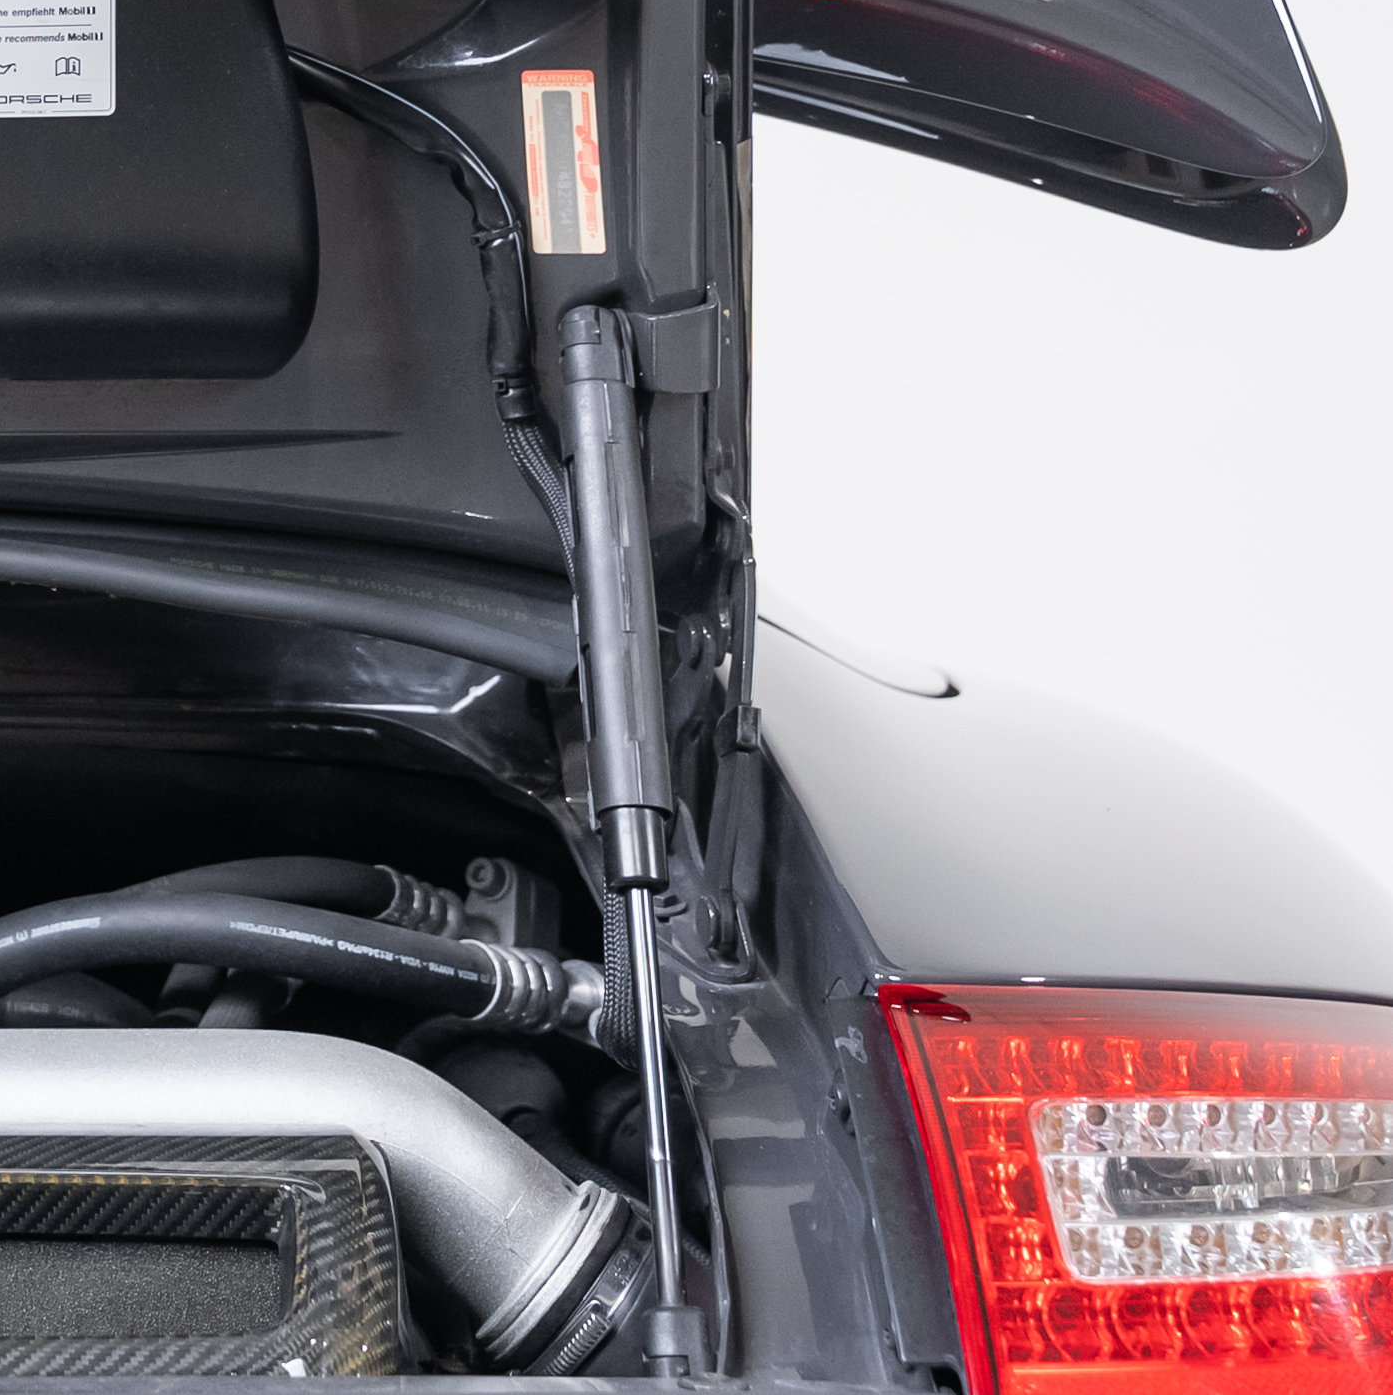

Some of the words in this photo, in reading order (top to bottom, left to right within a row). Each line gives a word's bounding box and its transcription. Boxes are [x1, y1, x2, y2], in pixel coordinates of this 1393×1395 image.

[11, 8, 55, 17] empfiehlt
[59, 7, 85, 16] Mobil
[5, 33, 65, 42] recommends
[67, 32, 93, 41] Mobil
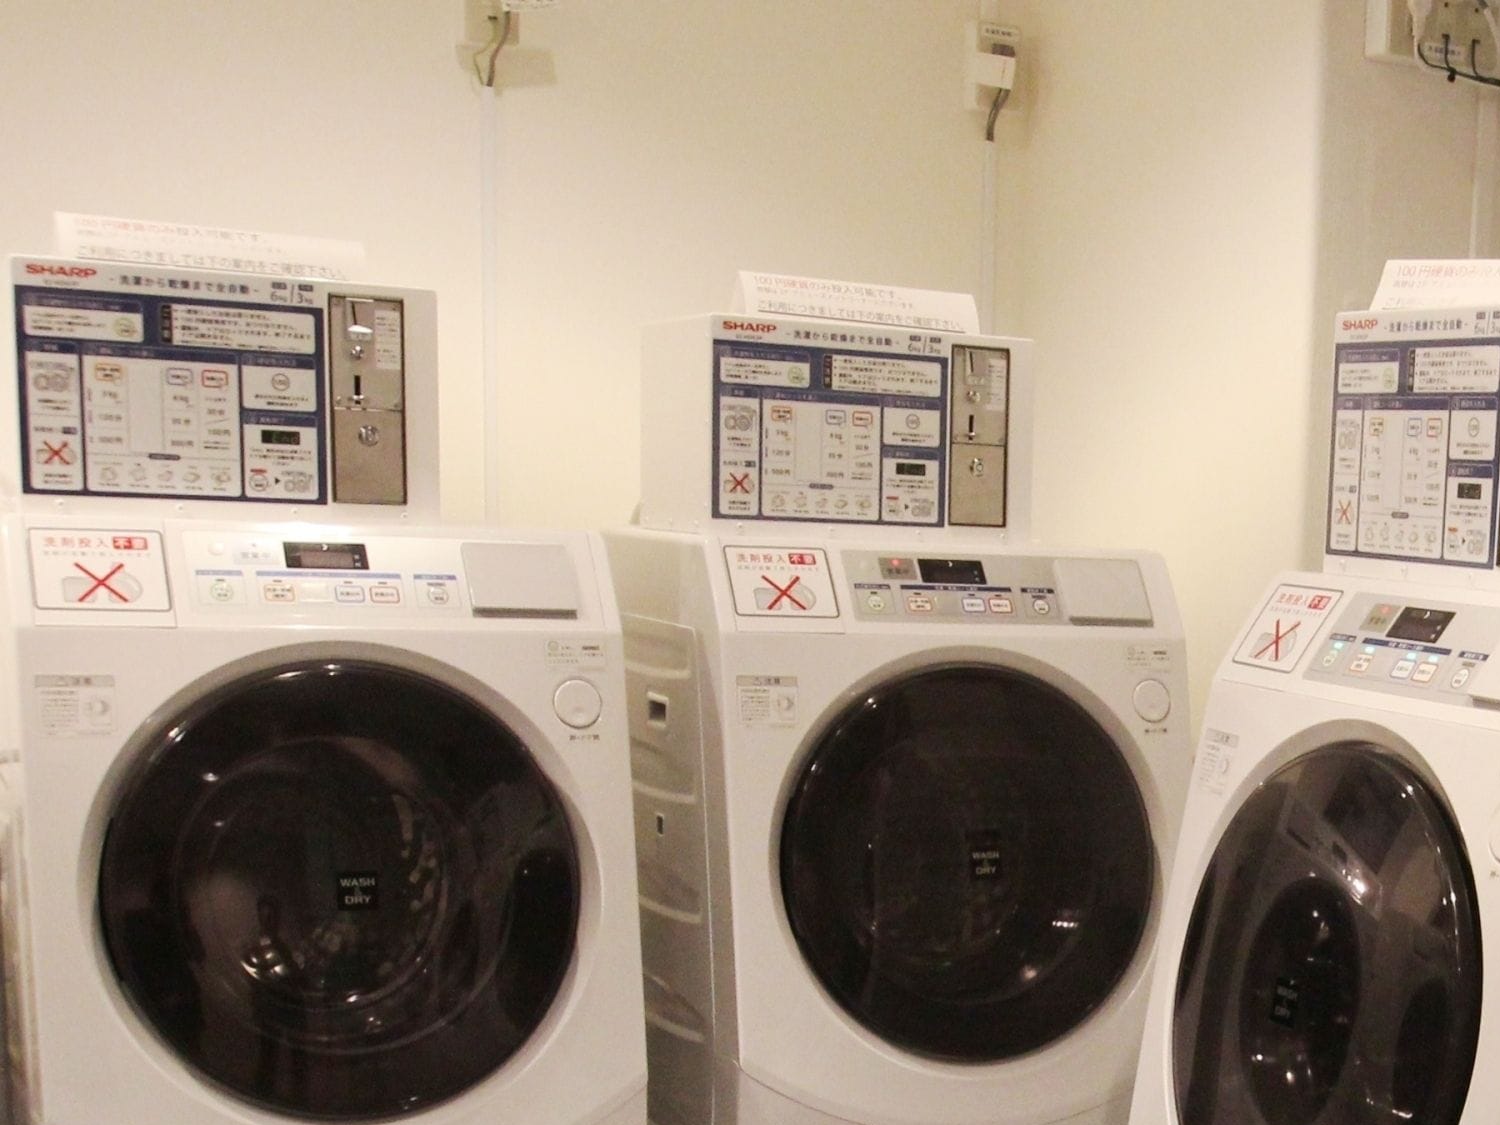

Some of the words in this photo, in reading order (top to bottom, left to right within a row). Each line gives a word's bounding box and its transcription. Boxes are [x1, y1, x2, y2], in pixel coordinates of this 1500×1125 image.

[25, 263, 98, 279] SHARP
[722, 320, 777, 334] SHARP
[1342, 319, 1378, 331] SHARP
[736, 553, 786, 566] 洗剤投入
[789, 553, 815, 566] 不要
[340, 877, 376, 887] WASH
[344, 895, 372, 905] DRY

※ ※ ※

**TASK DETAILS:** Copy the line containing "this 1500×1125 image." and every line after it, through the last line of the records. Include nothing else.

**EXERCISE RESULT:**
Some of the words in this photo, in reading order (top to bottom, left to right within a row). Each line gives a word's bounding box and its transcription. Boxes are [x1, y1, x2, y2], in pixel coordinates of this 1500×1125 image.

[25, 263, 98, 279] SHARP
[722, 320, 777, 334] SHARP
[1342, 319, 1378, 331] SHARP
[736, 553, 786, 566] 洗剤投入
[789, 553, 815, 566] 不要
[340, 877, 376, 887] WASH
[344, 895, 372, 905] DRY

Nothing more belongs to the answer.